Shippers’ Council Orders Tariff Rollback As Port Dispute Escalates

Nigerian Shippers’ Council (NSC), Nigeria’s port regulator, has ordered shipping companies to reverse recently implemented tariff increases, escalating a standoff that has already disrupted operations at key terminals in Lagos.

“Accordingly, all affected operators are mandated to revert to, and apply strictly, the tariff regime that was in force immediately before the said increase,” the council wrote on Friday, warning that any deviation would be treated as a breach of regulatory compliance and will attract appropriate sanctions “in line with extant laws and regulations.”

The directive follows protests by freight forwarders who picketed the offices of major shipping lines, including Mediterranean Shipping Company, Pacific International Lines and Lagos and Niger Shipping Agencies this week, over what they described as arbitrary and excessive charges.

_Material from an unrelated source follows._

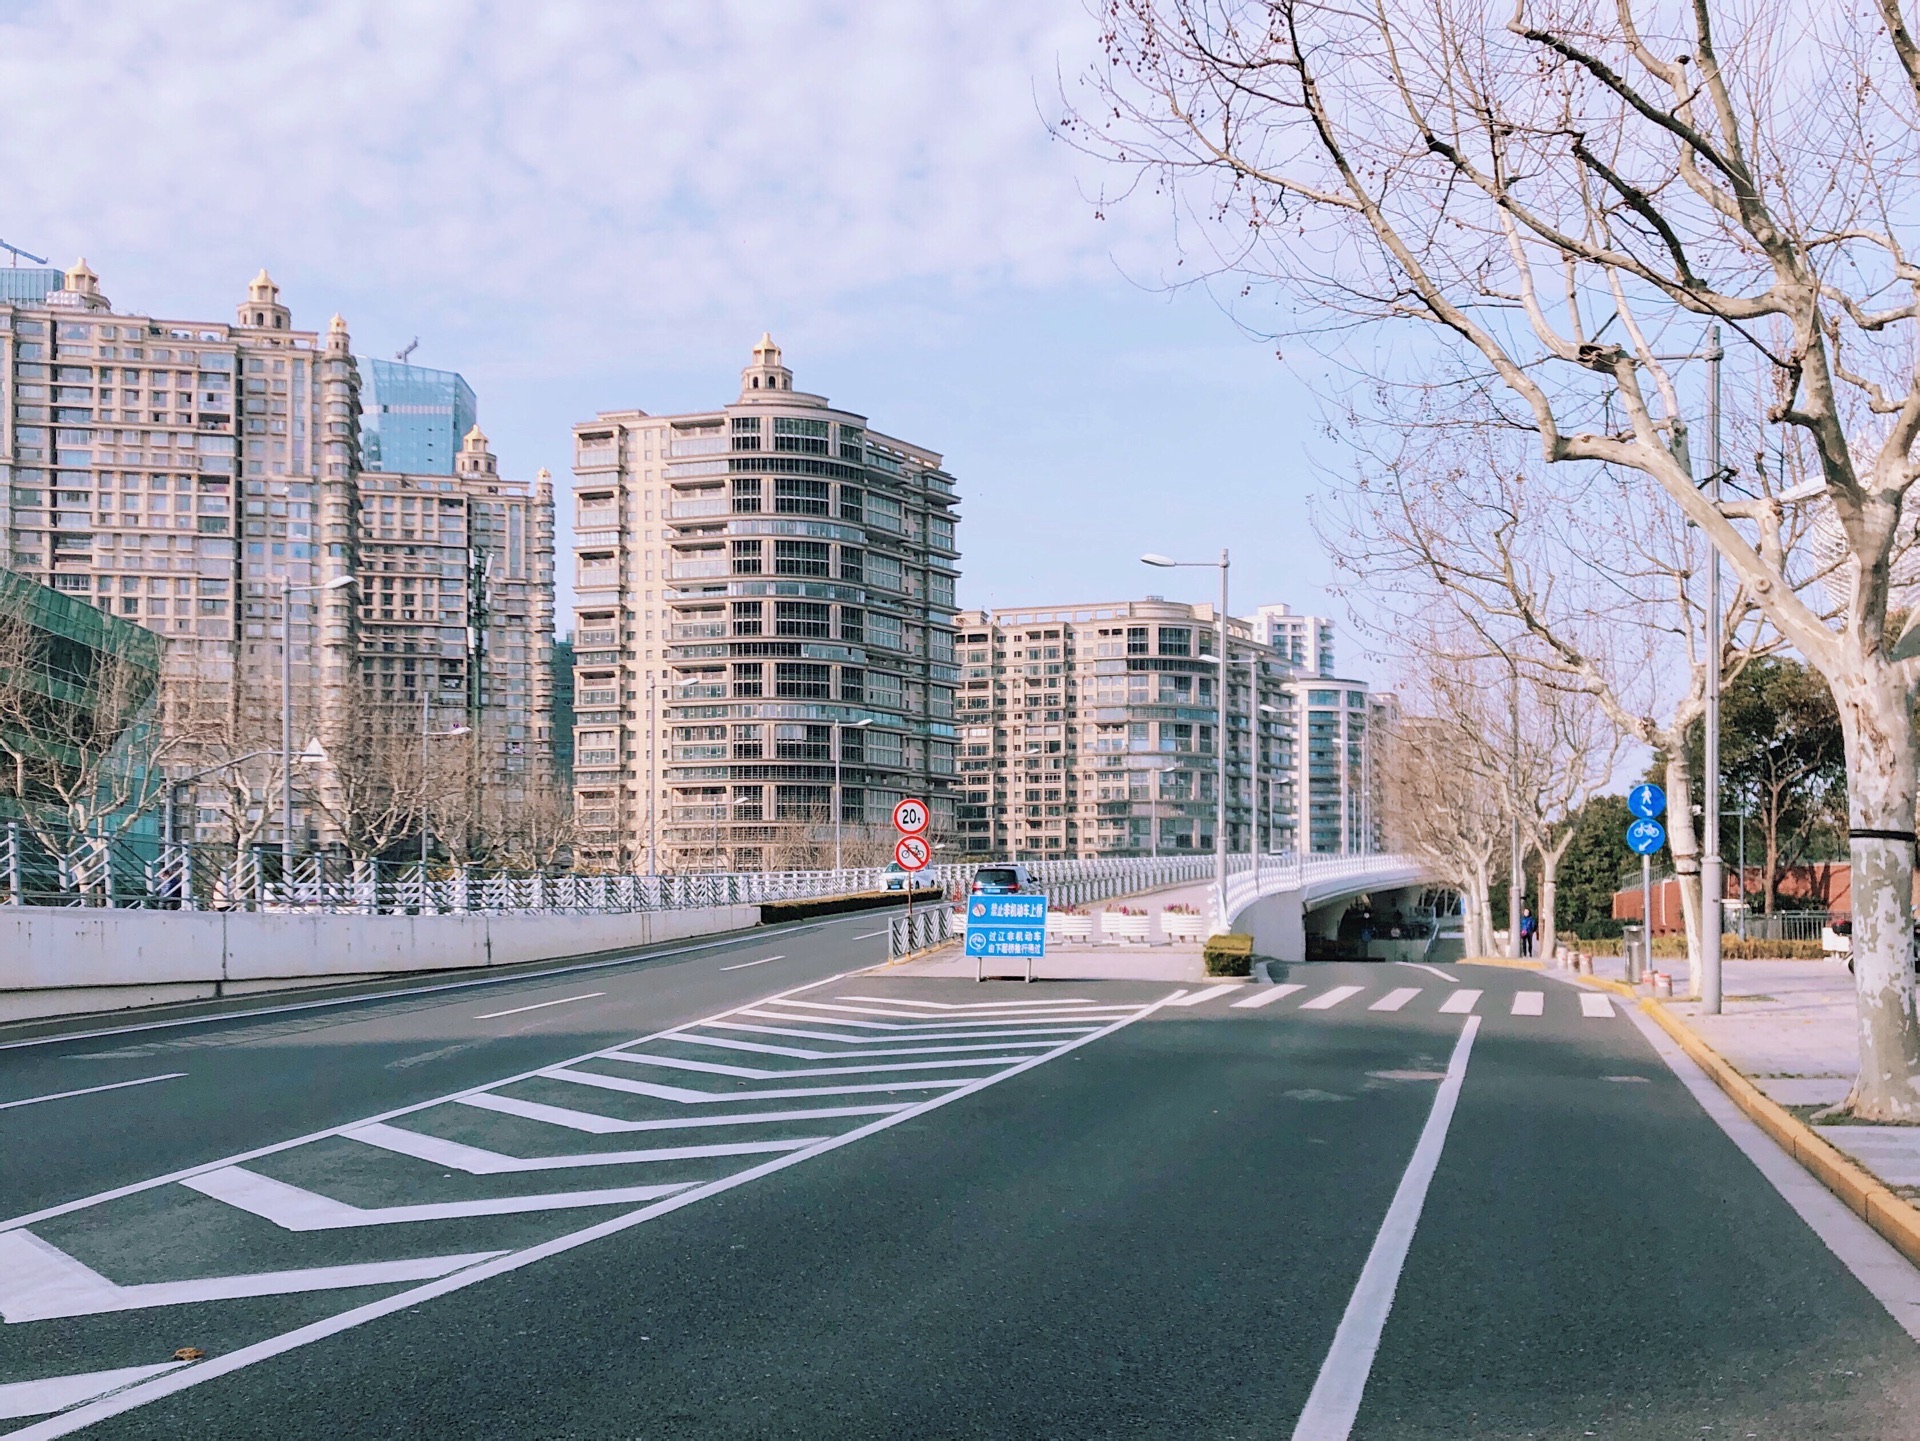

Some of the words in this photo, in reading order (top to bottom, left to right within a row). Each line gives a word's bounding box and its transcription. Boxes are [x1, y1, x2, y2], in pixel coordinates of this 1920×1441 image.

[990, 903, 1043, 917] 禁止非机动车上桥
[989, 931, 1041, 941] 过江非机动车

The protesters, drawn from major associations including the Association of Nigerian Licensed Customs Agents and the Africa Association of Professional Freight Forwarders, blocked access to company premises and displayed placards accusing shipping lines of “killing Nigerians” with rising costs.

The action follows the implementation of revised tariffs earlier this month, with some operators confirming that new rates took effect from March 1 after months of regulatory engagement.

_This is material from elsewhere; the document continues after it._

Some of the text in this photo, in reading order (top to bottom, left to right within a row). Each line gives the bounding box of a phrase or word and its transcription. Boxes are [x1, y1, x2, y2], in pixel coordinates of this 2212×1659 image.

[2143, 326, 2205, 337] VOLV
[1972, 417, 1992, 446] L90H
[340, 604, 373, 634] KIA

Freight forwarders say the increases violate an earlier understanding reached with the Nigerian Shippers’ Council in January, when shipping companies were asked to suspend the hikes pending stakeholder consultations. According to industry representatives, no such meeting was held before the new charges were introduced.

Tensions escalated at the protest site when officials of the Shippers’ Council, led by its executive secretary, attempted to mediate but were denied access to the premises by aggrieved agents.

The Council had warned of sanctions for defaulting shipping lines in its initial directive, but had issued none.

It has since urged restraint, warning that industrial action could disrupt port operations and broader economic activity, while insisting that dialogue remains the appropriate channel for resolving disputes.

Shipping companies, however, maintained that the tariff adjustments were neither arbitrary nor sudden. Industry representatives say the increases followed an extensive review process led by the NSC, involving cost submissions, economic assessments and consultations.

Operators argued the new charges reflect mounting cost pressures across the maritime sector, naming exchange rate volatility, inflation, compliance costs and rising port and terminal charges as key drivers. They did not refer to the ongoing conflict in the Middle East, indicating that their decisions were reached before the war began.

MSC’s management has also said the approved increase was already lower than what it initially proposed and had been delayed voluntarily before eventual implementation, rejecting claims that the move disregarded regulatory guidance.

Freight forwarders remain unconvinced, describing the charges as excessive and warning that they would drive up cargo clearance costs and feed into consumer prices in an import-dependent economy.